WHAT THE TASK ASKS
Print every entry exactly as it appears, but skip the pictures.

Source records
______________________________

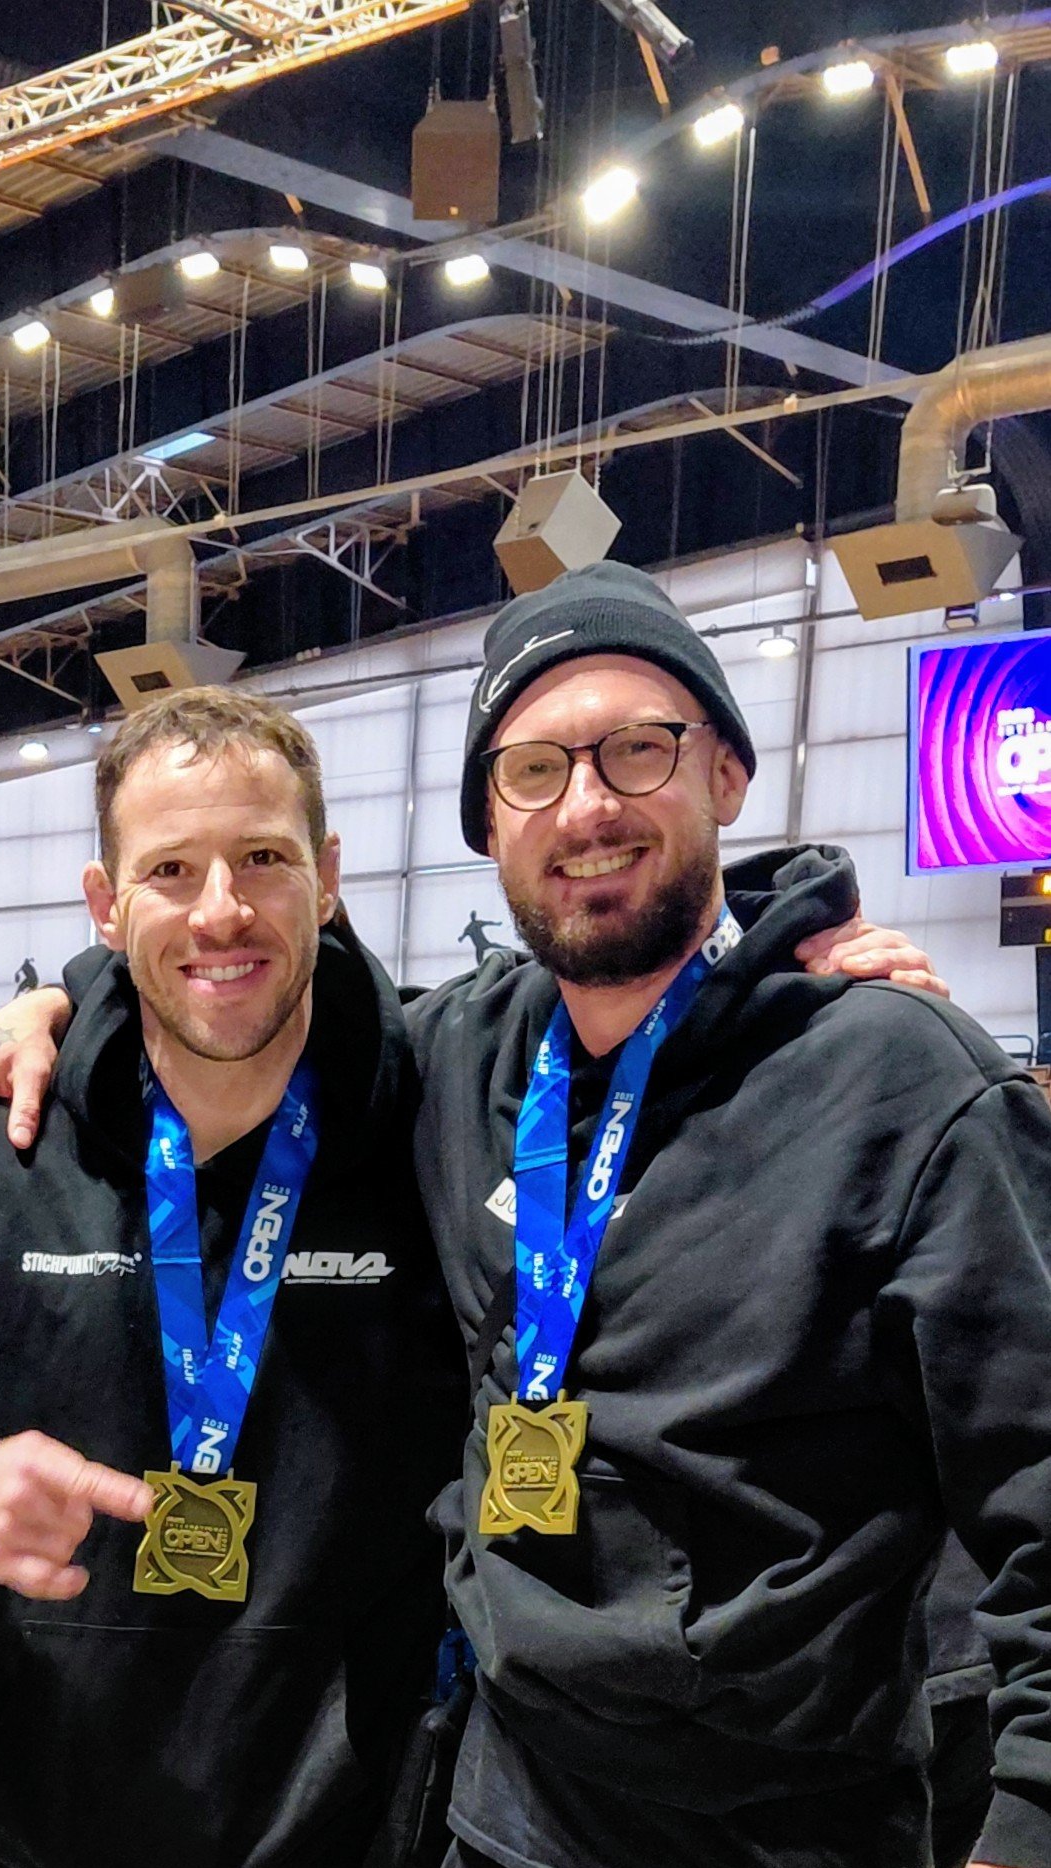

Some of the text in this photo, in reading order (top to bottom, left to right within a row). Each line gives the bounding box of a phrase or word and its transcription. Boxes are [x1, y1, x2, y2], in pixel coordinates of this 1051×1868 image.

[291, 1103, 309, 1138] IBJJF
[587, 1101, 632, 1201] OPEN
[243, 1191, 289, 1282] OPEN
[22, 1252, 94, 1275] STICHPUNKT
[281, 1251, 395, 1279] NOVA
[226, 1332, 243, 1370] IBJJF
[536, 1353, 557, 1365] 2025
[182, 1348, 195, 1385] IBJJF
[203, 1417, 229, 1431] 2025
[503, 1462, 552, 1482] OPEN
[165, 1529, 223, 1552] OPEN
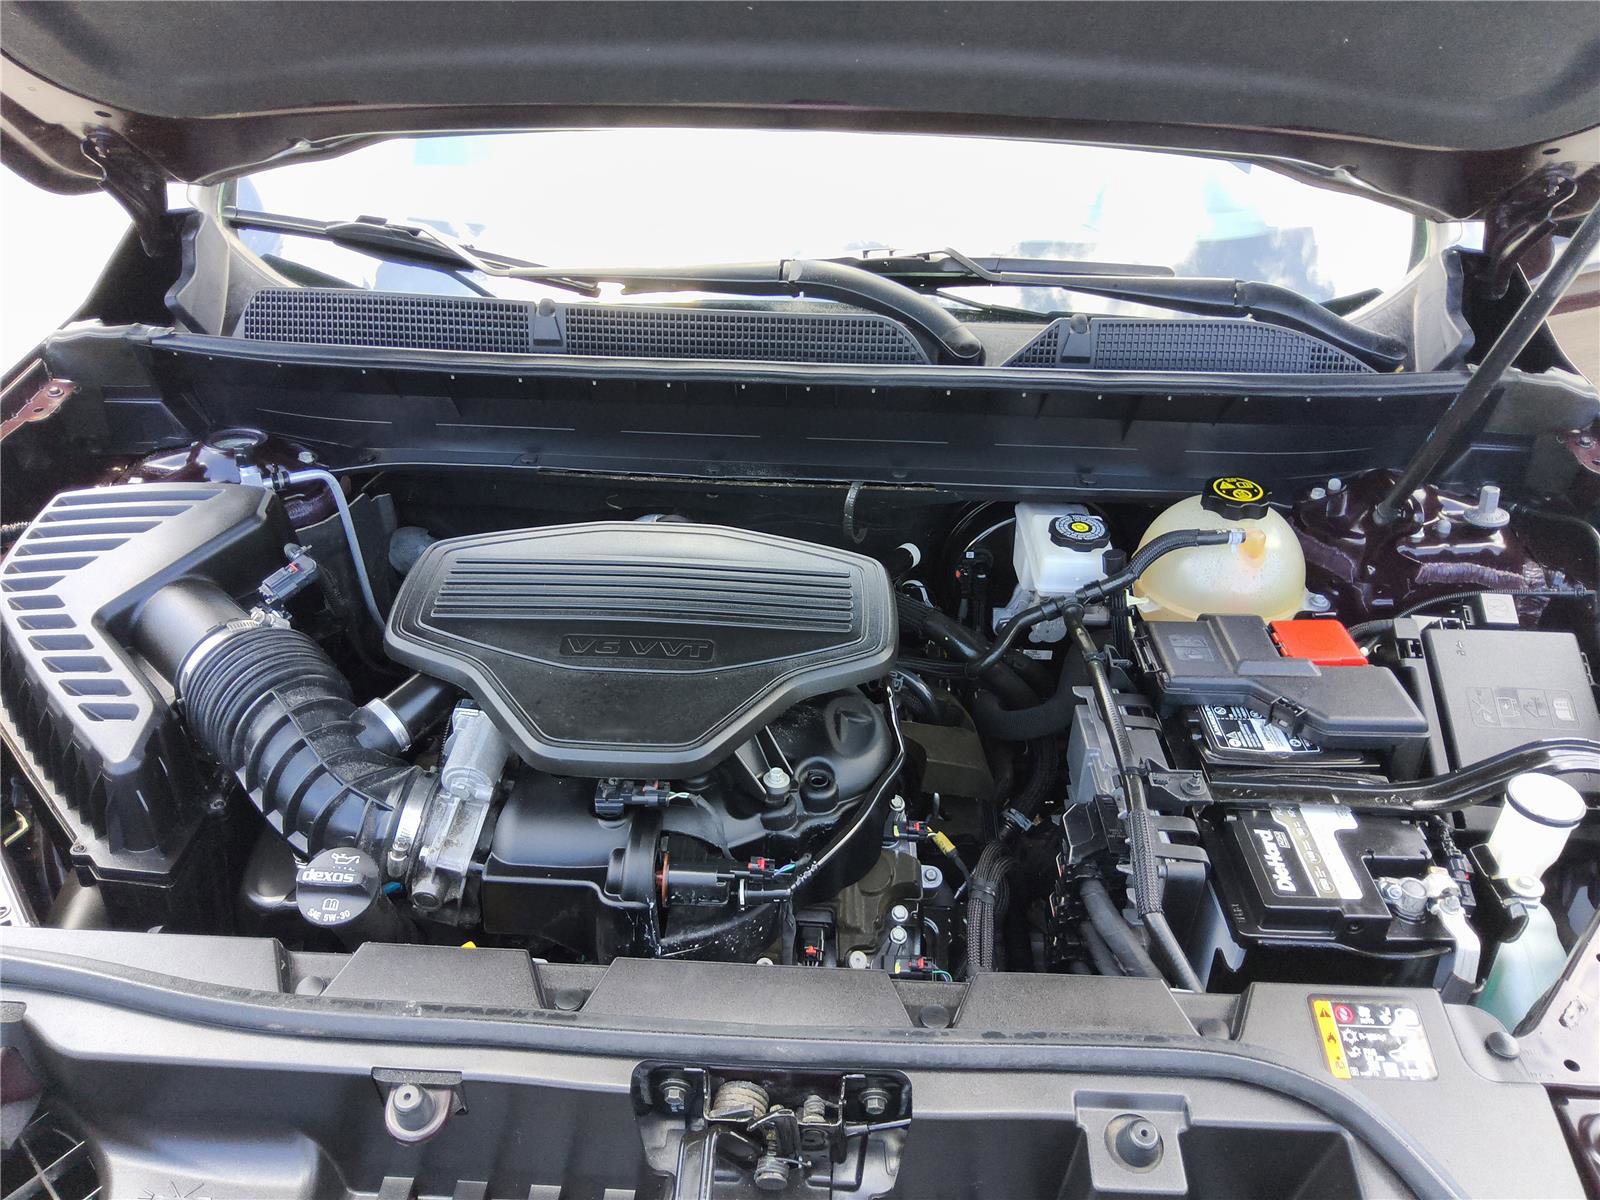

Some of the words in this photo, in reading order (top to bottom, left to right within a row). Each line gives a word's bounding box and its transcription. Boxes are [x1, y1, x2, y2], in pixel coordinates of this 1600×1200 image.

[567, 638, 621, 654] V6
[629, 640, 709, 658] VVT
[1253, 828, 1297, 892] DieHard
[302, 868, 355, 883] dexos
[323, 910, 351, 922] 5W-30
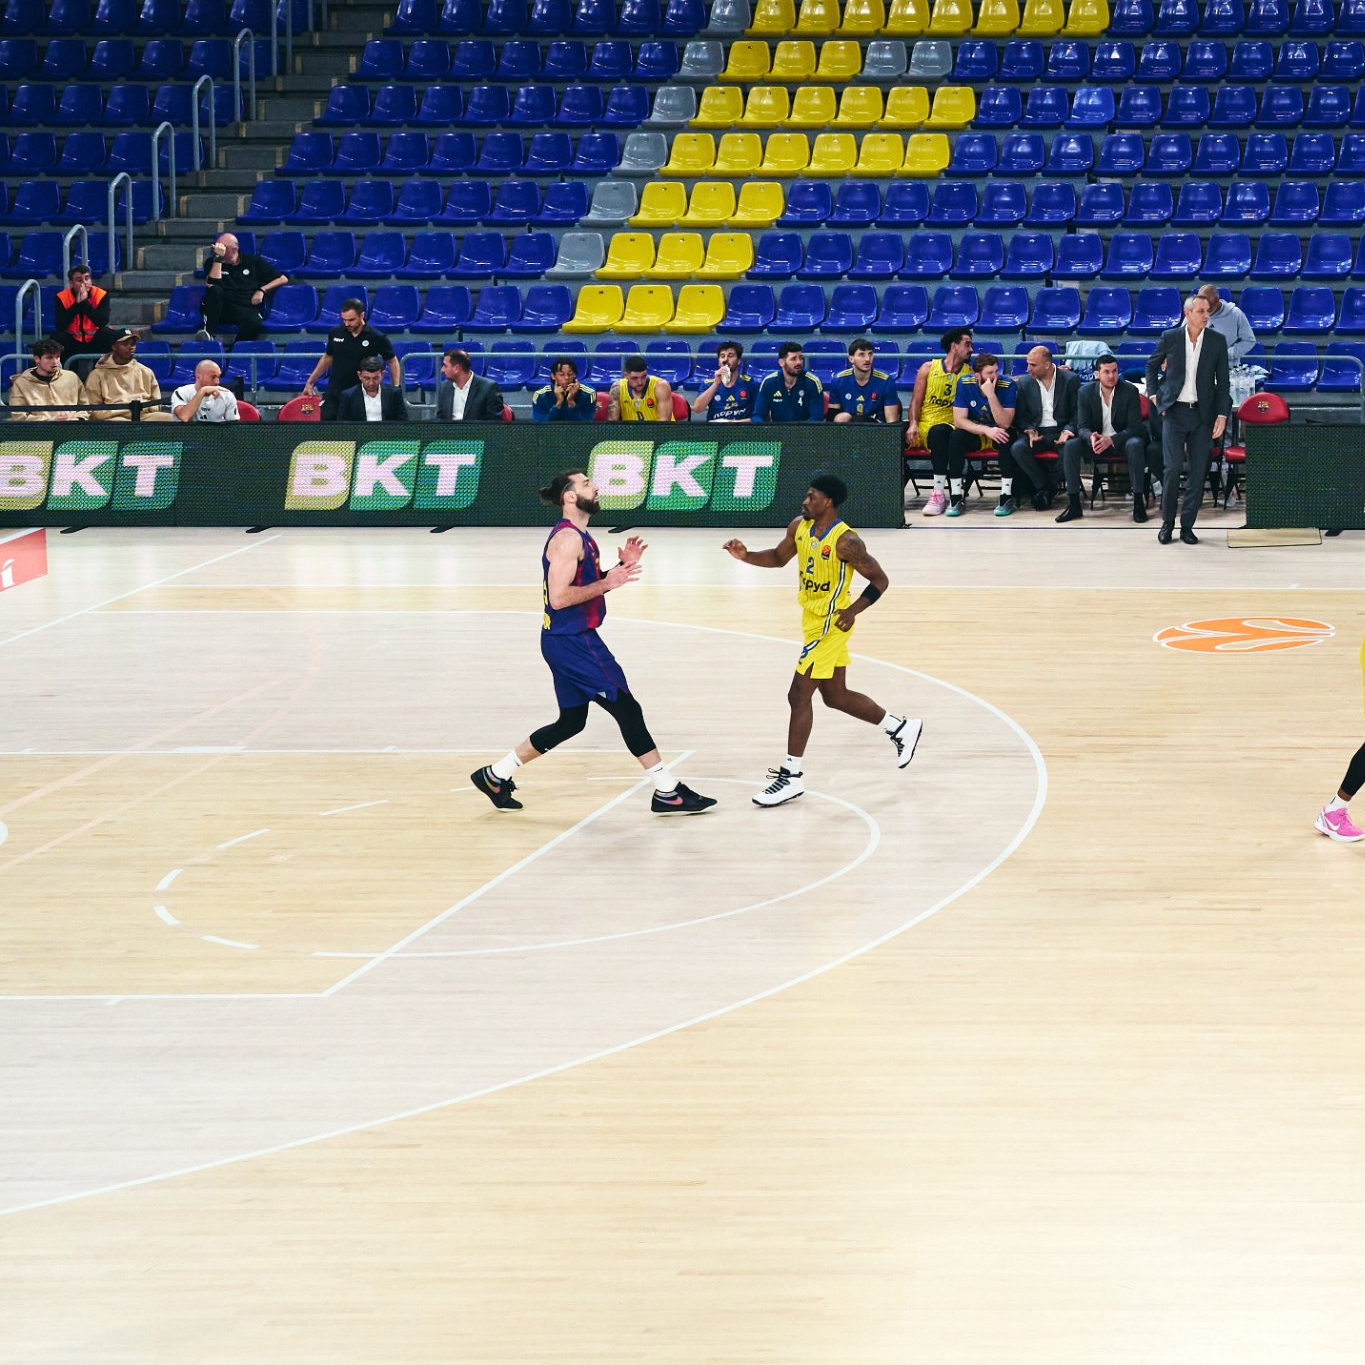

______________________________

TASK RESULT
Some of the text in this photo, in reading order (top to bottom, left to right within a row). Each line gives the bounding box of a phrase or word and its transcription. Boxes are [x1, y1, x2, y2], in pixel coordinates of this 1051×1868 image.

[291, 1103, 309, 1138] IBJJF
[587, 1101, 632, 1201] OPEN
[243, 1191, 289, 1282] OPEN
[22, 1252, 94, 1275] STICHPUNKT
[281, 1251, 395, 1279] NOVA
[226, 1332, 243, 1370] IBJJF
[536, 1353, 557, 1365] 2025
[182, 1348, 195, 1385] IBJJF
[203, 1417, 229, 1431] 2025
[503, 1462, 552, 1482] OPEN
[165, 1529, 223, 1552] OPEN

Some of the words in this photo, in reading order (top to bottom, left to right within a row). Each line gives a word's bounding box and its transcription. Boxes are [x1, y1, x2, y2], in pixel coordinates of this 1600×1200 image.

[567, 638, 621, 654] V6
[629, 640, 709, 658] VVT
[1253, 828, 1297, 892] DieHard
[302, 868, 355, 883] dexos
[323, 910, 351, 922] 5W-30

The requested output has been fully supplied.